● TASK OBJECTIVE
Your copy must hold every line of the records word for word. It must hold no pictures.

Records excerpted from a collection
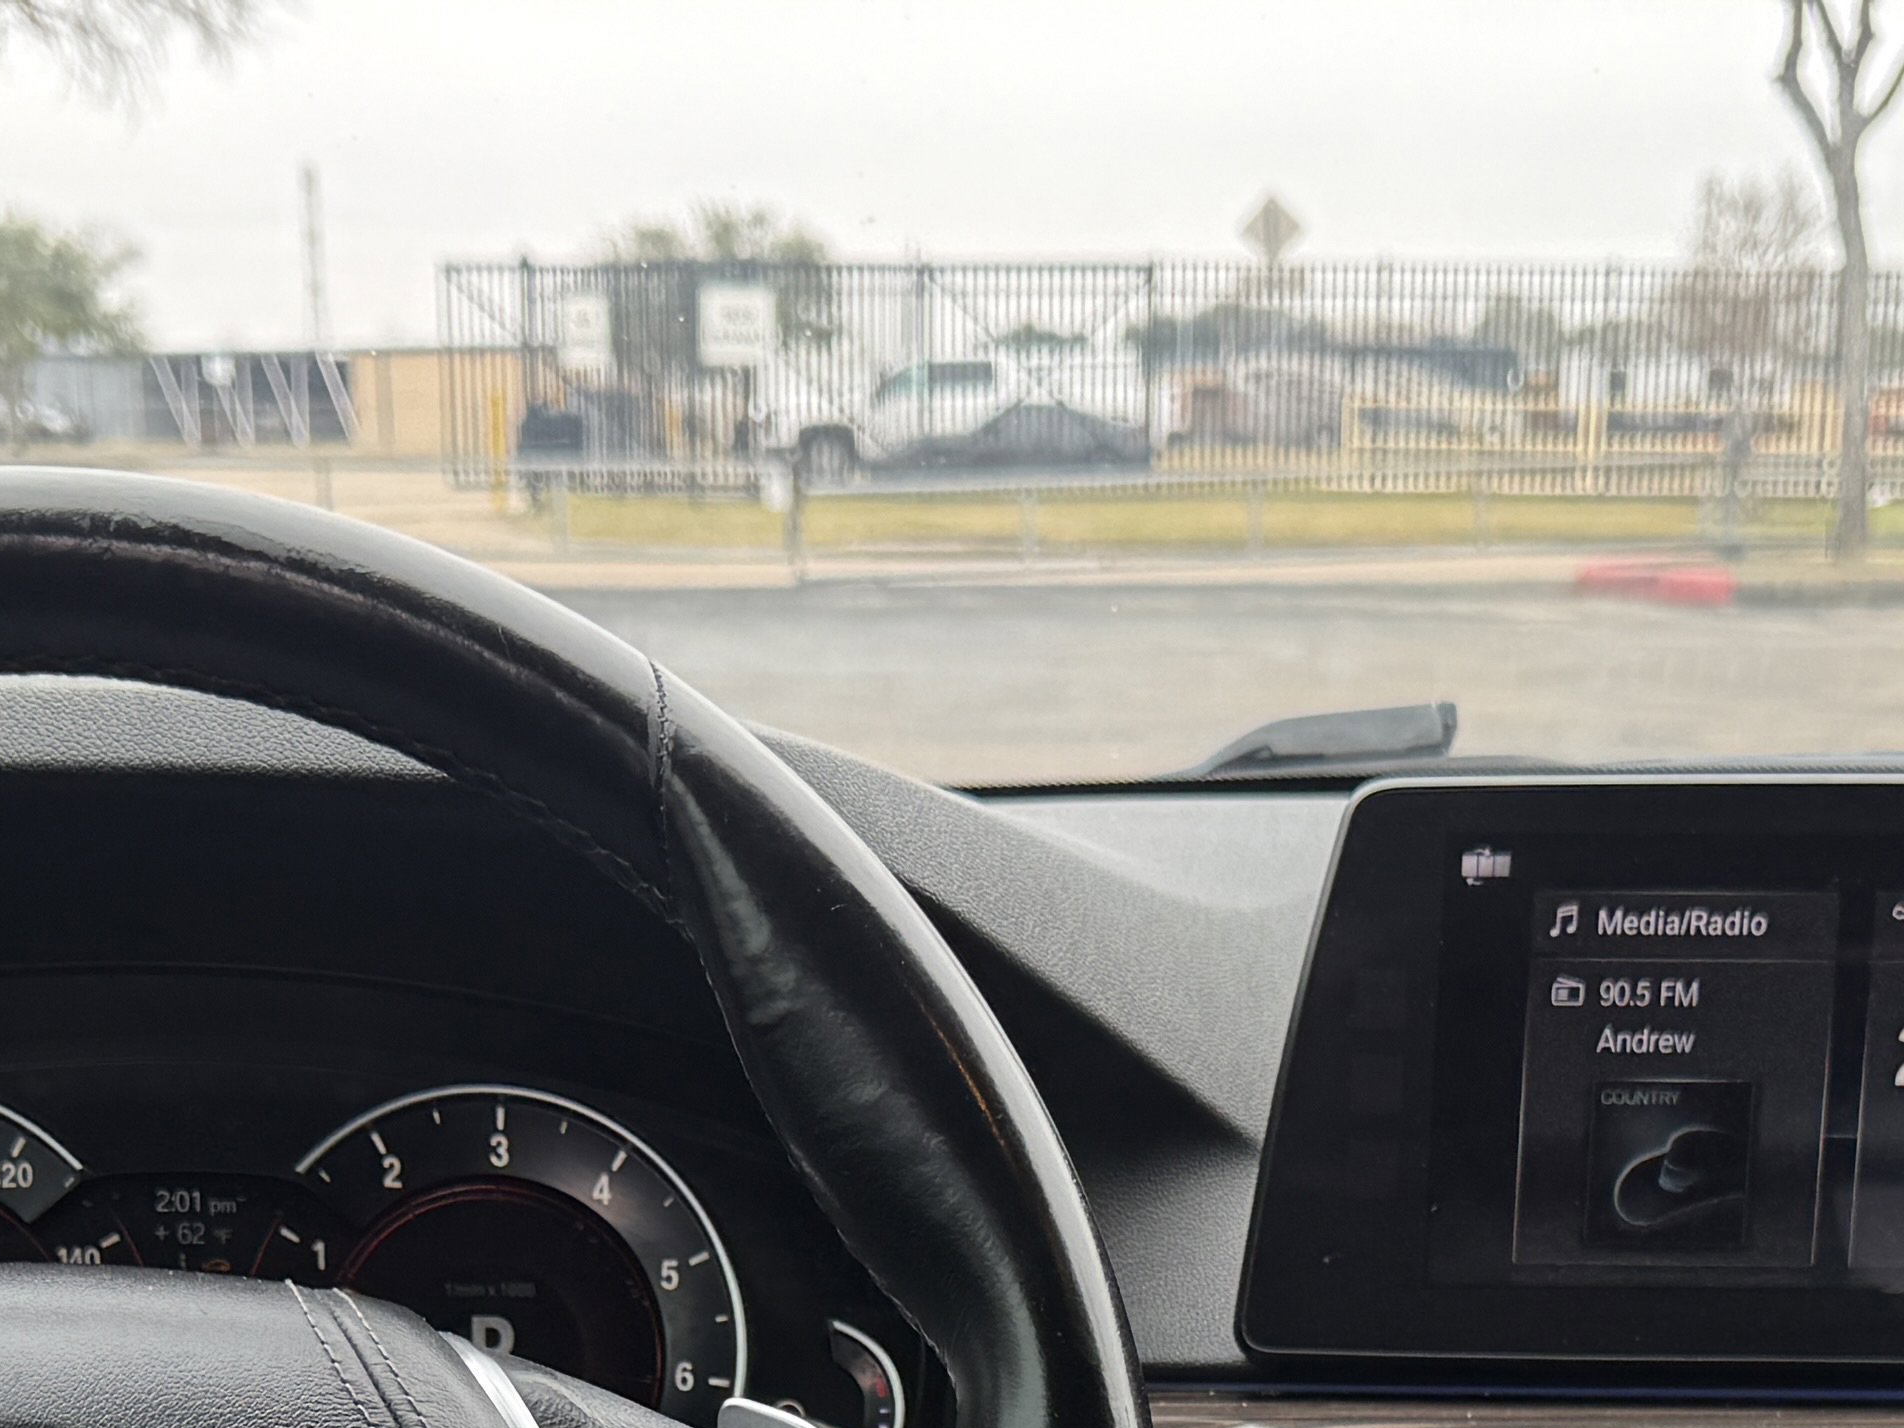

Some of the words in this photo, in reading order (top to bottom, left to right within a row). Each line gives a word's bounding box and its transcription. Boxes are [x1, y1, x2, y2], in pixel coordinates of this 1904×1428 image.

[1597, 905, 1770, 937] Media/Radio
[1599, 979, 1650, 1008] 90.5
[1660, 978, 1700, 1007] FM
[1596, 1024, 1696, 1054] Andrew
[1601, 1089, 1681, 1106] COUNTRY
[489, 1133, 510, 1167] 3
[381, 1155, 403, 1189] 2
[154, 1190, 202, 1213] 2:01
[208, 1198, 238, 1216] pm
[592, 1172, 612, 1205] 4
[177, 1224, 206, 1244] 62
[312, 1239, 326, 1271] 1
[660, 1258, 680, 1291] 5
[674, 1360, 693, 1392] 6

● EXERCISE RESULT
Some of the words in this photo, in reading order (top to bottom, left to right within a row). Each line gives a word's bounding box and its transcription. Boxes are [x1, y1, x2, y2], in pixel coordinates of this 1904×1428 image.

[1597, 905, 1770, 937] Media/Radio
[1599, 979, 1650, 1008] 90.5
[1660, 978, 1700, 1007] FM
[1596, 1024, 1696, 1054] Andrew
[1601, 1089, 1681, 1106] COUNTRY
[489, 1133, 510, 1167] 3
[381, 1155, 403, 1189] 2
[154, 1190, 202, 1213] 2:01
[208, 1198, 238, 1216] pm
[592, 1172, 612, 1205] 4
[177, 1224, 206, 1244] 62
[312, 1239, 326, 1271] 1
[660, 1258, 680, 1291] 5
[674, 1360, 693, 1392] 6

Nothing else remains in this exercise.